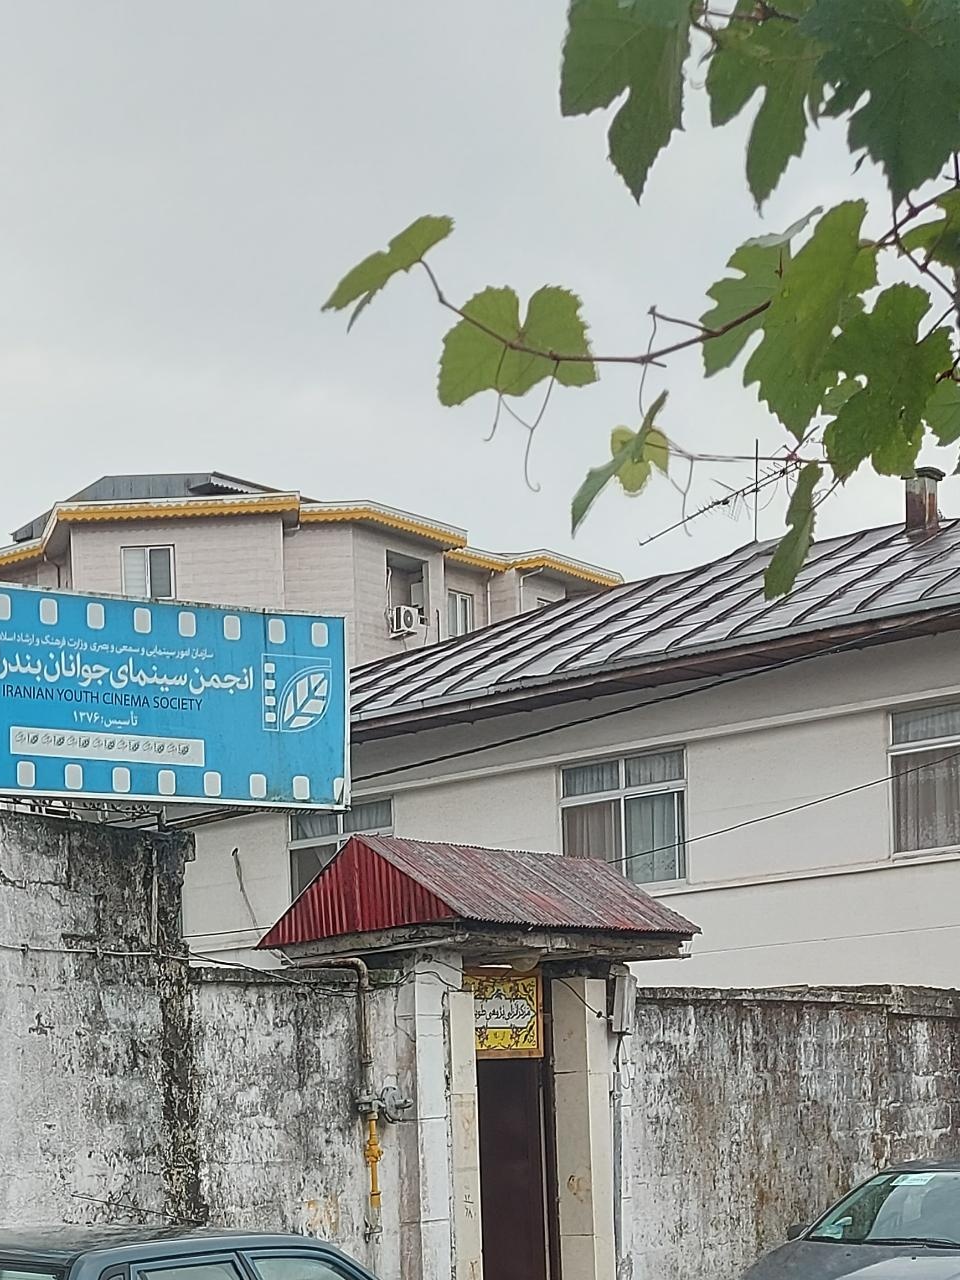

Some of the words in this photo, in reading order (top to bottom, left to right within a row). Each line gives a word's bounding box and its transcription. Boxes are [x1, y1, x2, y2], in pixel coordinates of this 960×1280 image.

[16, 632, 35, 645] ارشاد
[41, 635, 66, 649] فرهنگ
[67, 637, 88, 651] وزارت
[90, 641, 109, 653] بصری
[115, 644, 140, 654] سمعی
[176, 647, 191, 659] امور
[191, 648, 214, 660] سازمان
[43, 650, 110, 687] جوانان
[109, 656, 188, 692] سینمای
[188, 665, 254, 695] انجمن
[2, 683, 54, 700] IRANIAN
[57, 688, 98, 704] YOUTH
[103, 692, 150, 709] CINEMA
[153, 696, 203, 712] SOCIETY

□ □ □

• Aim of the task: Pictures stay out. Everything else in the listing gets printed exactly.

• Solution to the exercise:
Some of the words in this photo, in reading order (top to bottom, left to right within a row). Each line gives a word's bounding box and its transcription. Boxes are [x1, y1, x2, y2], in pixel coordinates of this 960×1280 image.

[16, 632, 35, 645] ارشاد
[41, 635, 66, 649] فرهنگ
[67, 637, 88, 651] وزارت
[90, 641, 109, 653] بصری
[115, 644, 140, 654] سمعی
[176, 647, 191, 659] امور
[191, 648, 214, 660] سازمان
[43, 650, 110, 687] جوانان
[109, 656, 188, 692] سینمای
[188, 665, 254, 695] انجمن
[2, 683, 54, 700] IRANIAN
[57, 688, 98, 704] YOUTH
[103, 692, 150, 709] CINEMA
[153, 696, 203, 712] SOCIETY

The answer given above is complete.